NISSAN REPORT BLOG

RSS
TOP > レポート > インフィニティ、新しいスポーツカーコンセプトを開発

インフィニティ、新しいスポーツカーコンセプトを開発

 

商品企画本部の副本部長であるフランソワ・バンコンに新システム「レンジエクステンダー(航続距離延長装置)」を搭載したスポーツカーコンセプトの開発について話を聞きました。

 

Q1. 今回、新システムを搭載した新しいスポーツカーの開発で苦労した点は?

A1.

やはり技術面ですね。未知の領域に踏み込む際は困難が伴いますが、同時にデザインや設計に自由度を与えるという利点もあります。そして何より重要なのはそれが最終的にお客さまに何らかのメリットをご提供できるものであるかということです。

また、インフィニティブランドとしてクルマの性能を限界まで押し上げると同時に、将来あるべき姿を示唆する必要がありました。

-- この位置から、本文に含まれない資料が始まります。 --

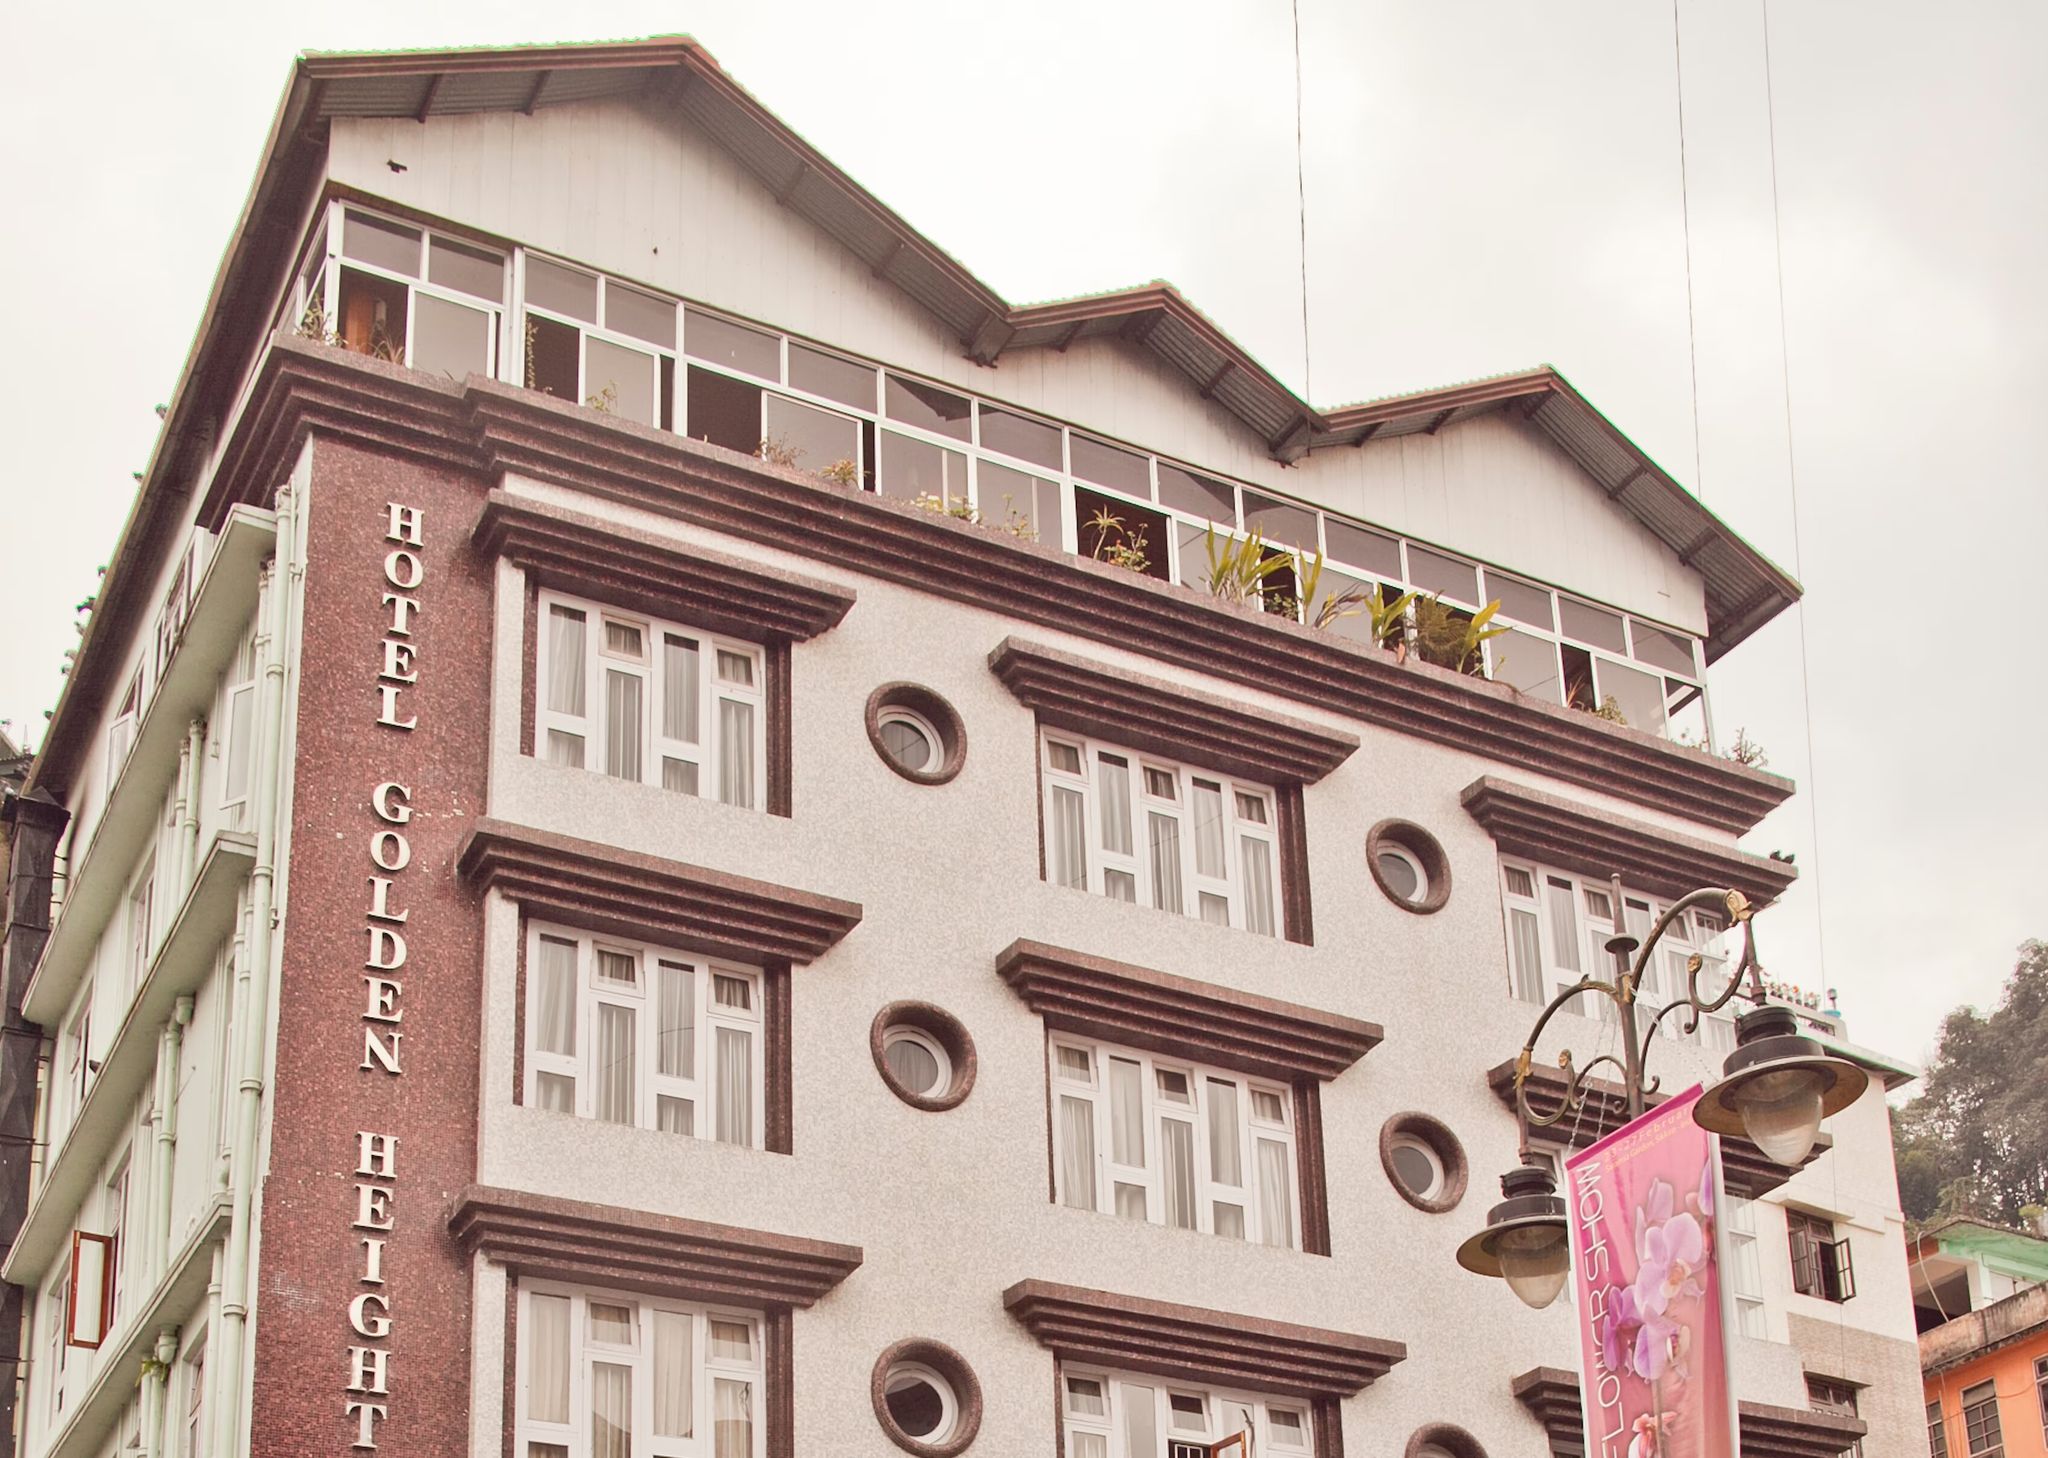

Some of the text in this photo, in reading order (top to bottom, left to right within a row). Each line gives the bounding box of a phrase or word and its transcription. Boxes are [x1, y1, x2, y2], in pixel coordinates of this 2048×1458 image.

かつて私はコンセプトデザイナーとして、様々な新技術を探求してきました。これは必ずしも唯一の解決策ではありませんが、とても有望な方策の一つです。

 

Q2. このシステムがもたらす自由度とは具体的にどういうものですか?

A2.

レンジエクステンダーの魅力とは何でしょうか。それは内燃機関の力と電気自動車のバッテリーの力を組み合わせることによる新しい可能性です。これは様々な点で魅力があります。

我々は性能に一切の妥協がない真のスポーツカーでありながら、市街地はゼロ・エミッションで運転することもできるクルマの開発を目指しています。このような一見矛盾するような要素、ミステリアスな要素こそ、インフィニティの世界感に非常にマッチしたものなのです。

 

Q3. 実際にどのようなクルマを開発しているのですか?

A3.

このレンジエクステンダーは1.2Lのエンジンとバッテリーを組み合わせたシステムで、モーターで動くミッドシップの電気自動車です。このパッケージは高次元のハンドリング性能と動力性能、そして高揚感を実現するのに最も合理的なものです。

インフィニティにおいてミッドシップも試行していく時期だと考えていますし、現在のものとは大きく異なるパッケージをベースに作られた真のインフィニティとはどういうものなのかを模索し、研究していく作業は非常にやりがいがあります。

 

Q4. レンジエクステンダーを採用したモデルは市街地での二酸化炭素の排出規制が厳しくなった際にどのような機会を生み出すのでしょうか?

A4.

我々は内燃機関に関して多くの知見を持っています。またハイブリッドについても同様で、実際に車両も販売しています。

これはある意味、これまでの流れを一変させるものといえます。ヨーロッパでは、内燃機関のエンジンを規制していたり、排出ガスのレベルを規制している場所もありますが、このクルマを使えば、ロンドンの都市部など、いかなる市街地でも後ろめたさなく走行することができます。また、同時にこのクルマを使えばレース場でも最大限走りを楽しむことができます。これは未来に向けたスポーツカーの新しい提案です。

今年3月上旬にスイスで開催されるジュネーブモーターショーにてこのコンセプトカーの実物を展示する予定です。是非楽しみにしていてください。